==== Task input ====

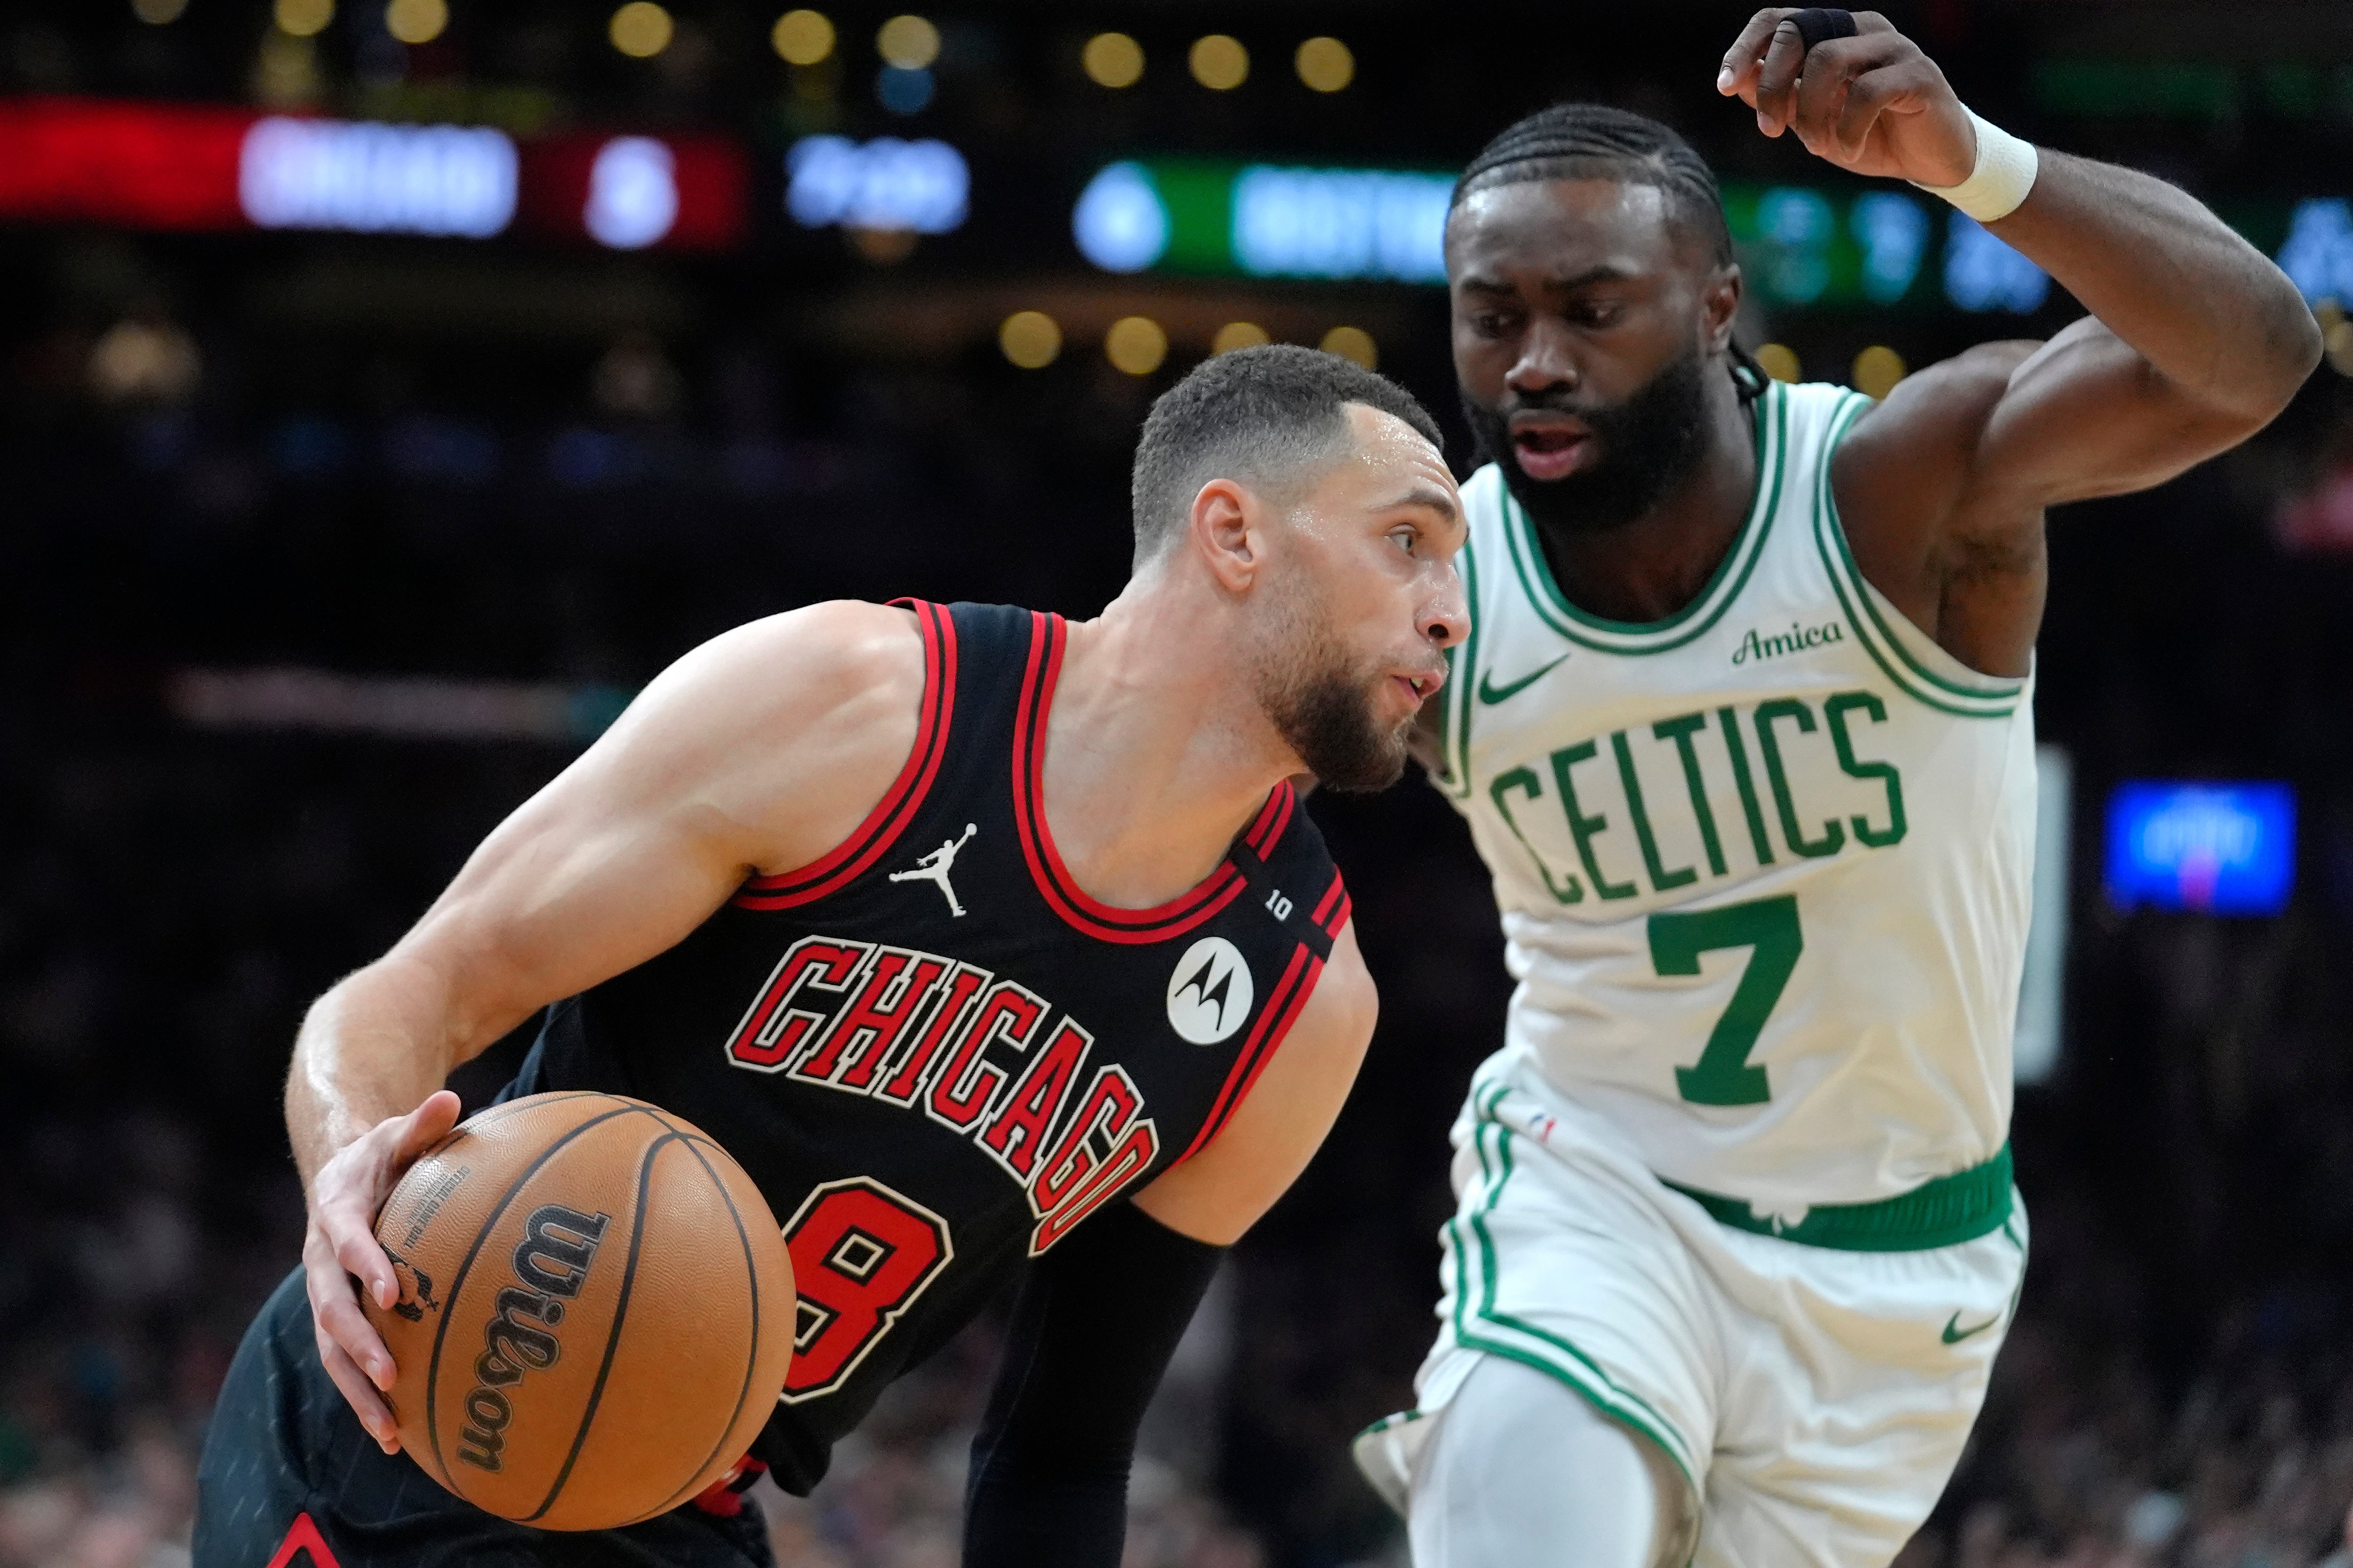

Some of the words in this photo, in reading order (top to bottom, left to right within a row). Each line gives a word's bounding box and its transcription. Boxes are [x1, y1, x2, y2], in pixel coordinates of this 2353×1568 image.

[1732, 621, 1843, 665] Amica
[1489, 691, 1907, 904] CELTICS
[1265, 889, 1293, 921] 10
[1647, 892, 1804, 1105] 7
[725, 935, 1160, 1258] CHICAGO
[457, 1204, 610, 1472] Wilson
[779, 1176, 954, 1404] 8

====

● **The task**
Only an exact copy of the records counts as an answer. Leave out the images.

● **Task answer**
Some of the words in this photo, in reading order (top to bottom, left to right within a row). Each line gives a word's bounding box and its transcription. Boxes are [x1, y1, x2, y2], in pixel coordinates of this 2353×1568 image.

[1732, 621, 1843, 665] Amica
[1489, 691, 1907, 904] CELTICS
[1265, 889, 1293, 921] 10
[1647, 892, 1804, 1105] 7
[725, 935, 1160, 1258] CHICAGO
[457, 1204, 610, 1472] Wilson
[779, 1176, 954, 1404] 8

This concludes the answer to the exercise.